LA LEGISLAZIONE SULLA STAMPA

3.2 Il conferimento agli Esecutori contro la Bestemmia della competenza sulla legge sulla stampa del

Sono fatti cosi licentiosi li stampadori, et li botteghieri di questa città, che non stimando la poca punitione statuita dalle leze nostre, a quelli, che fanno stampar, o vendono cose stampate de fuori, senza licentia di Capi di questo Consº., stampano, et etiam vendono libri, et opere stampate altrove, publicamente, molte delle qual sono contra l’honor del Signor Dio, et della fede Christiana, et molte inhonestissime, con tanto mal exemplo, et scandalo universal, quanto a tutti è noto.

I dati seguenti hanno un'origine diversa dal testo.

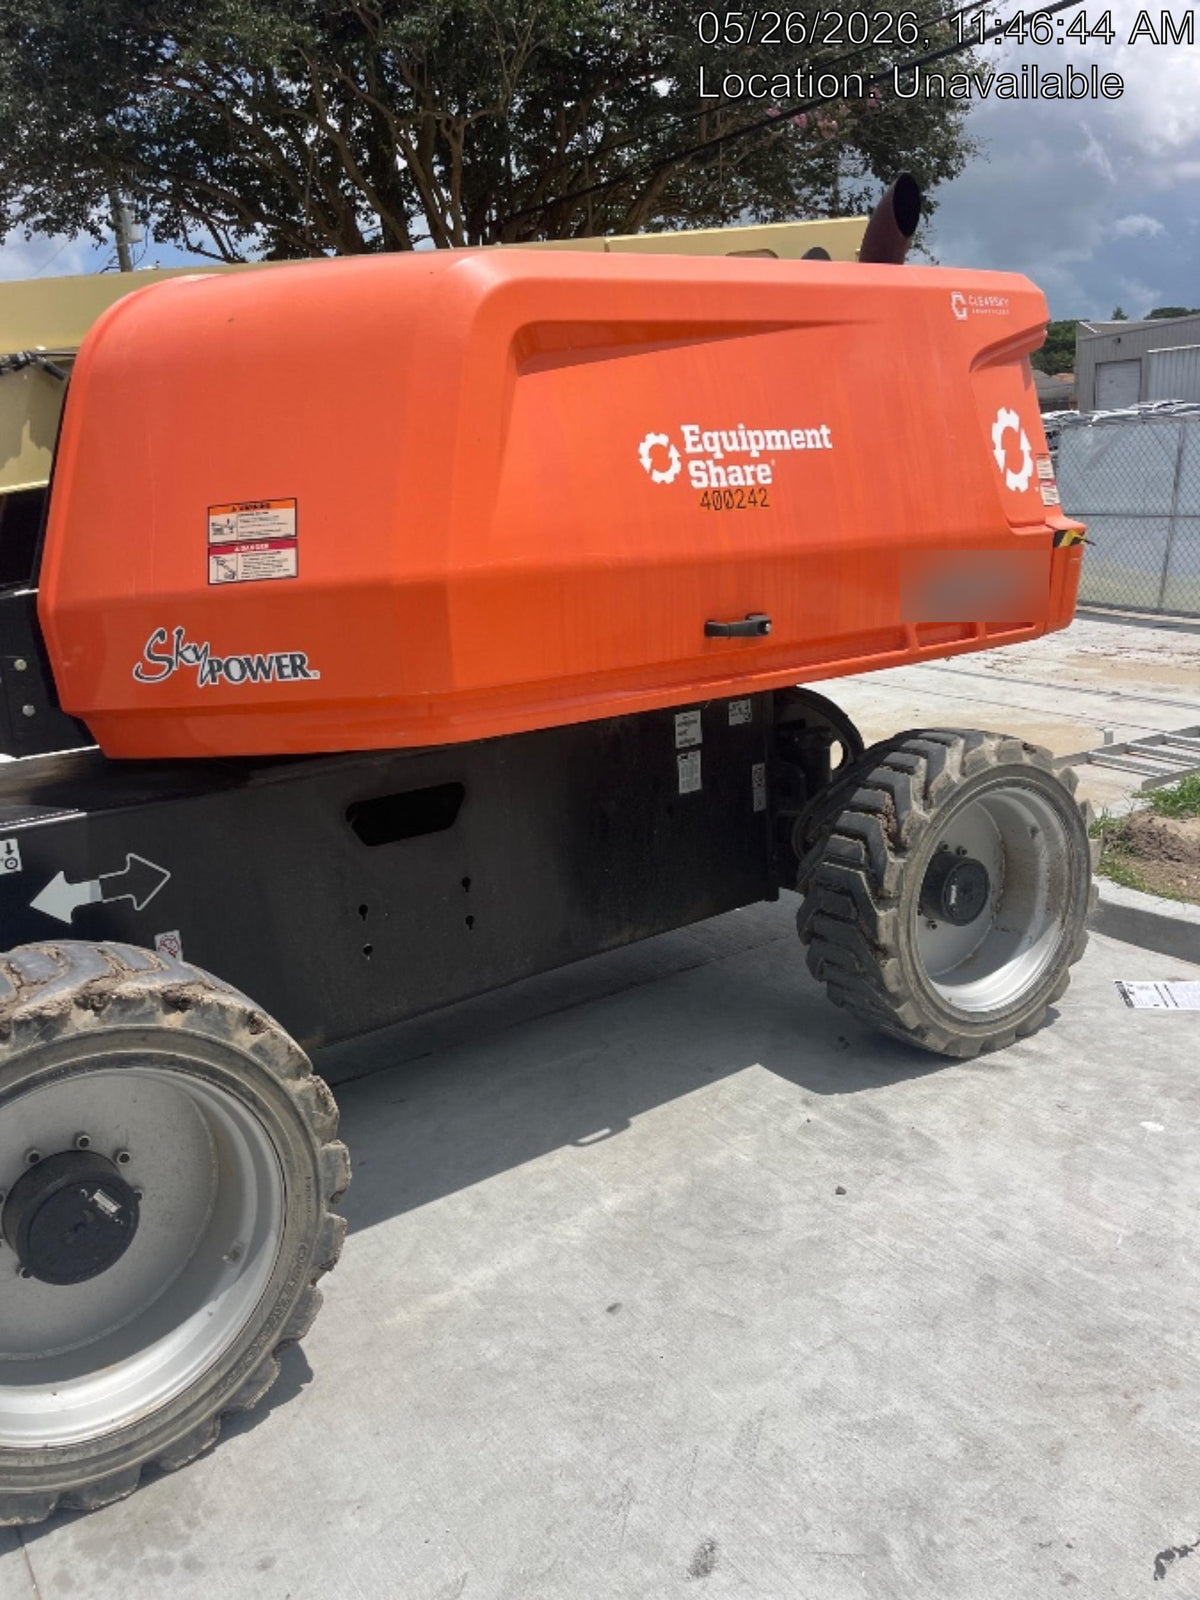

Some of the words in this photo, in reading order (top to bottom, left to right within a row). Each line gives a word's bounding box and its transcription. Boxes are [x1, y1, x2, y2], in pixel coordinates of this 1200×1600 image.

Al che essendo necessario proveder di gagliarda provisione.

In questo modo esordiva la parte del 12 febbraio 1543 con la quale il Consiglio dei Dieci decideva di affidare il controllo sulla corretta presenza delle licenze di stampa alla magistratura degli Esecutori contro la Bestemmia28. Ancora una volta era lo scandalo, suscitato dal commercio di opere lascive e contrarie alla fede cristiana e dall’incapacità di fermarlo, ad irretire il massimo organo di governo della Repubblica.

Il provvedimento d’altronde veniva ratificato in un momento particolare per la penisola italiana quando, dopo il fallimento dei colloqui di Ratisbona e la nascita dell’Inquisizione romana, la scoperta dell’apostasia di Ochino, di Curione e di Vermigli segnò profondamente la coscienza dei principi italiani e avvicinò lo spettro dell’eresia. Fu cosi che l’8 gennaio 1543 il governatore imperiale emanò per il ducato di Milano il primo di una serie di provvedimenti, al quale si ispireranno in seguito gli altri principi italiani, che vietava agli stampatori di pubblicare un libro senza la dovuta licenza e costringeva i librai

26 P. F. Grendler, L’inquisizione romana e l’editoria a Venezia. 1540-1605, Il Veltro, Roma, 1983, p. 121. 27 Ivi.

a presentare un inventario dei titoli presenti nei propri magazzini29. La perquisizione dei libri importati dai paesi stranieri veniva quindi affidata al vicario diocesano e all’inquisitore locale, il cui interesse convergeva soprattutto sulle merci provenienti dalle tipografie ginevrine dove le prediche dell’Ochino e le opere del Curione erano state più volte ristampate e da qui introdotte nella penisola.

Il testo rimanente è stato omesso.